Task to complete: When you reach the line that contains "Some of the words", please begin copying, and carry on exactly to the last line of the material, leaving out every picture.

───

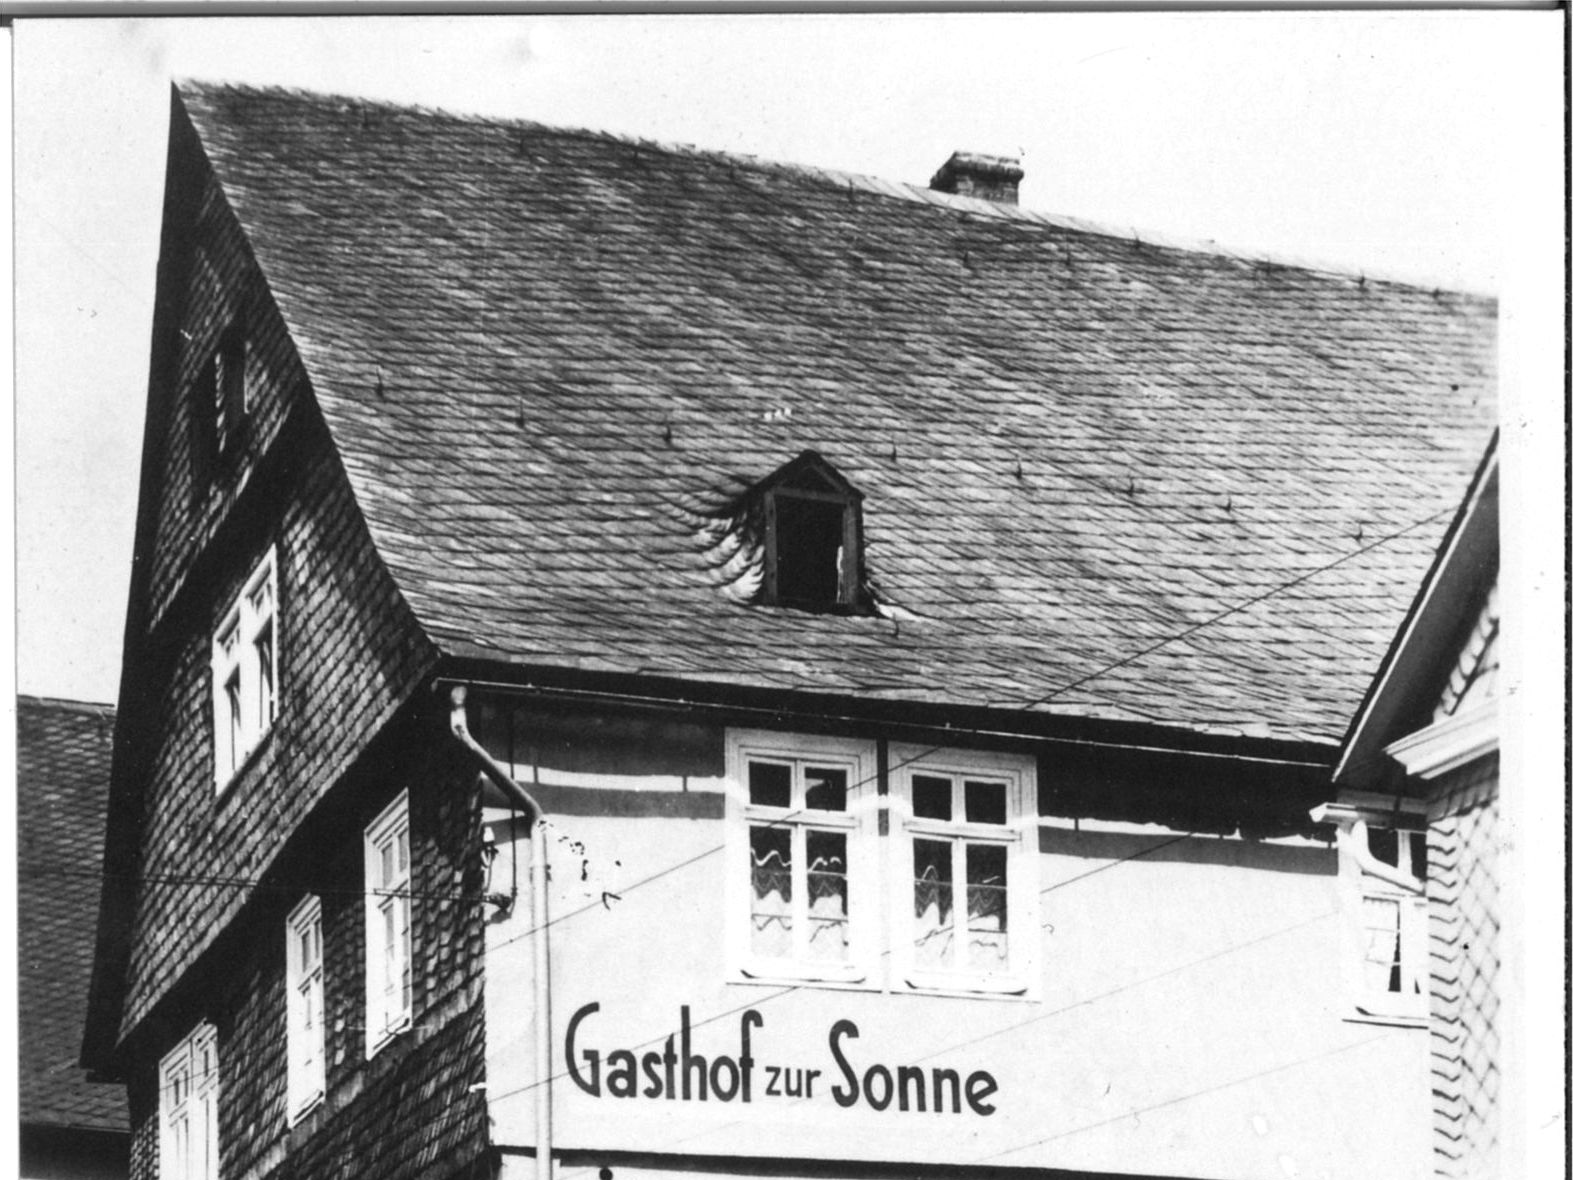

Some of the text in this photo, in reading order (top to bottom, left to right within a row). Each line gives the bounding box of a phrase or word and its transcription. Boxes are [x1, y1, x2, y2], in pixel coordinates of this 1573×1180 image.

[565, 1002, 998, 1116] Gasthof zur Sonne
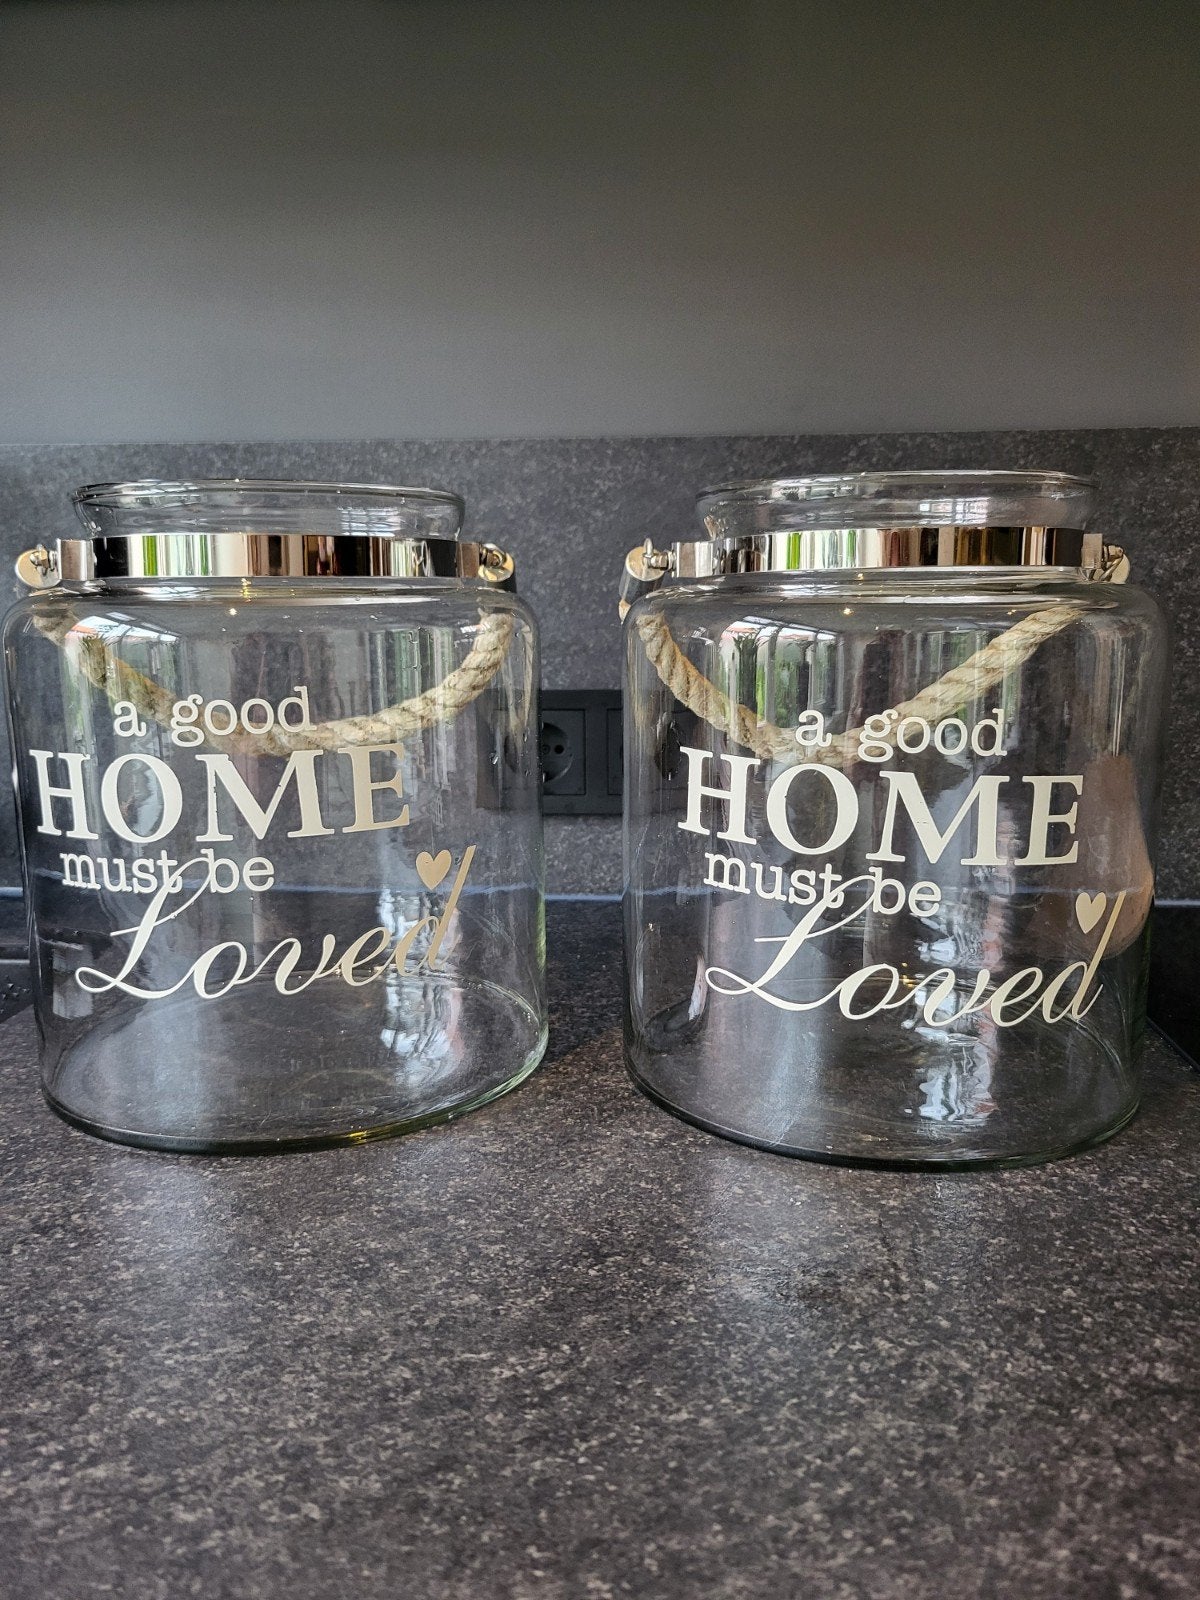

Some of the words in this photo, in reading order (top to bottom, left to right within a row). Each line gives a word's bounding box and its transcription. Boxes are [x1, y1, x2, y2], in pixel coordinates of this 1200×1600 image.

[113, 700, 146, 737] a
[171, 686, 316, 749] good
[795, 709, 833, 748] a
[857, 708, 1007, 763] good
[29, 742, 410, 844] HOME
[677, 746, 1084, 866] HOME
[60, 850, 182, 894] must
[201, 848, 274, 894] be
[704, 851, 845, 906] must
[868, 866, 942, 916] be
[75, 845, 477, 999] Loved
[705, 874, 1127, 1027] Loved
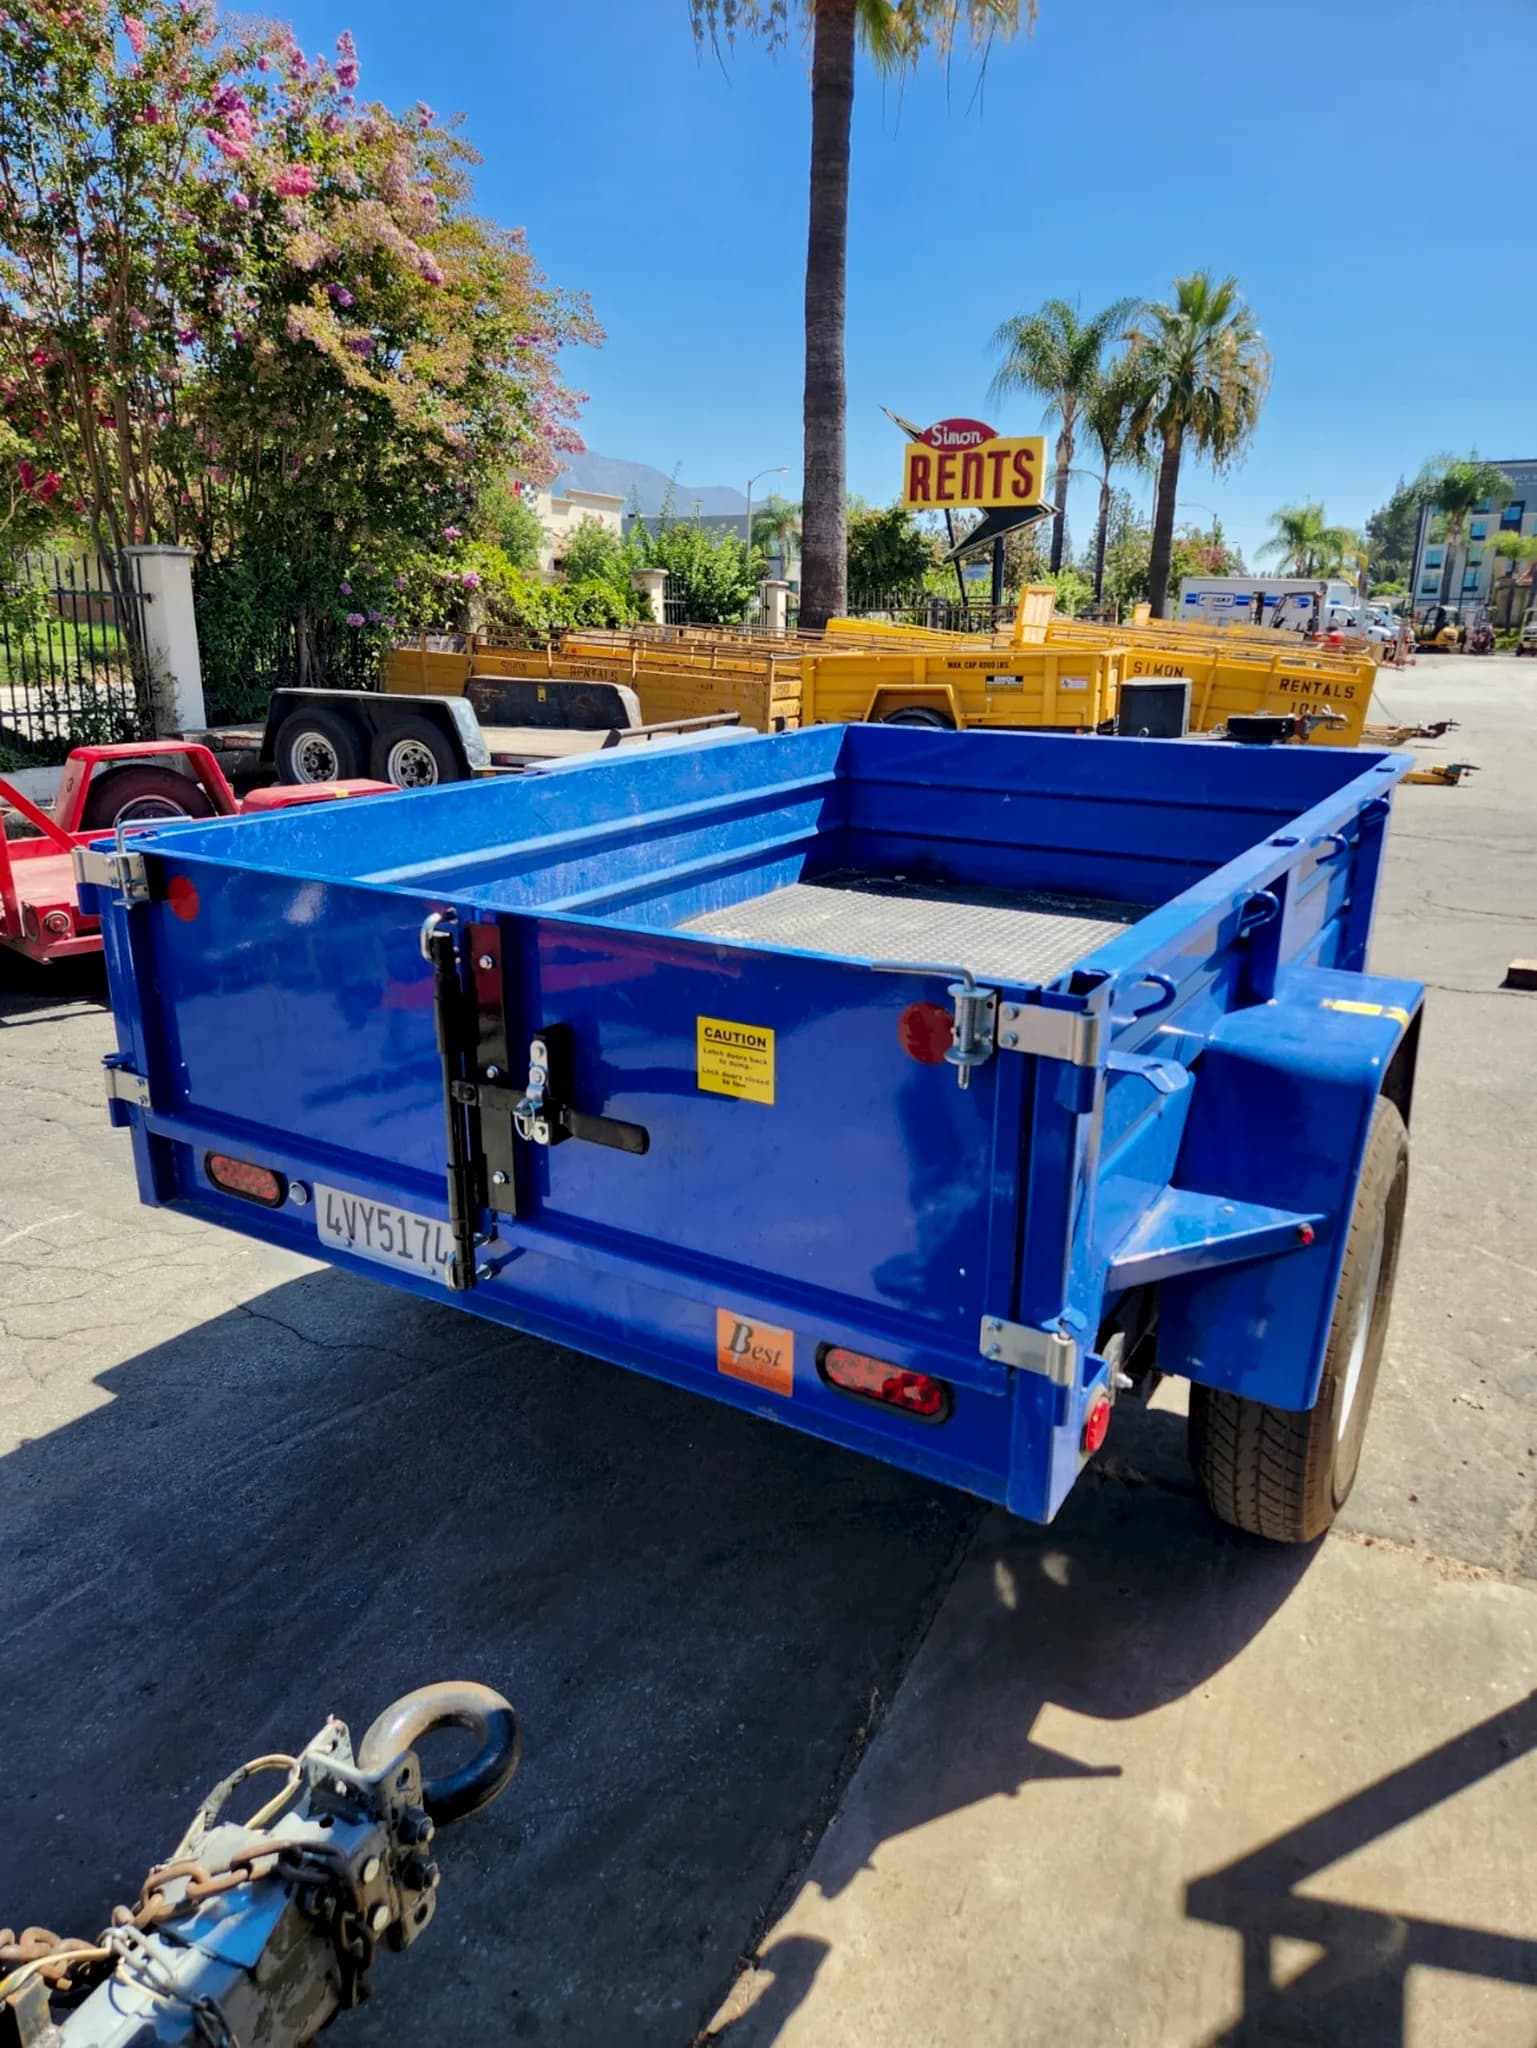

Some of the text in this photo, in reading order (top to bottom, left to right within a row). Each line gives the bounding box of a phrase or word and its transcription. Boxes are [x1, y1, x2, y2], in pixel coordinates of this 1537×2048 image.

[931, 424, 983, 447] Simon
[909, 449, 1034, 502] RENTS
[1133, 660, 1184, 678] SIMON
[1279, 678, 1355, 699] RENTALS
[704, 1027, 767, 1048] CAUTION
[725, 1320, 782, 1367] Best

───

Answer to the problem:
Some of the words in this photo, in reading order (top to bottom, left to right within a row). Each line gives a word's bounding box and its transcription. Boxes are [x1, y1, x2, y2], in pixel coordinates of this 1200×1600 image.

[113, 700, 146, 737] a
[171, 686, 316, 749] good
[795, 709, 833, 748] a
[857, 708, 1007, 763] good
[29, 742, 410, 844] HOME
[677, 746, 1084, 866] HOME
[60, 850, 182, 894] must
[201, 848, 274, 894] be
[704, 851, 845, 906] must
[868, 866, 942, 916] be
[75, 845, 477, 999] Loved
[705, 874, 1127, 1027] Loved

Some of the text in this photo, in reading order (top to bottom, left to right within a row). Each line gives the bounding box of a phrase or word and its transcription. Boxes are [x1, y1, x2, y2], in pixel coordinates of this 1537×2048 image.

[931, 424, 983, 447] Simon
[909, 449, 1034, 502] RENTS
[1133, 660, 1184, 678] SIMON
[1279, 678, 1355, 699] RENTALS
[704, 1027, 767, 1048] CAUTION
[725, 1320, 782, 1367] Best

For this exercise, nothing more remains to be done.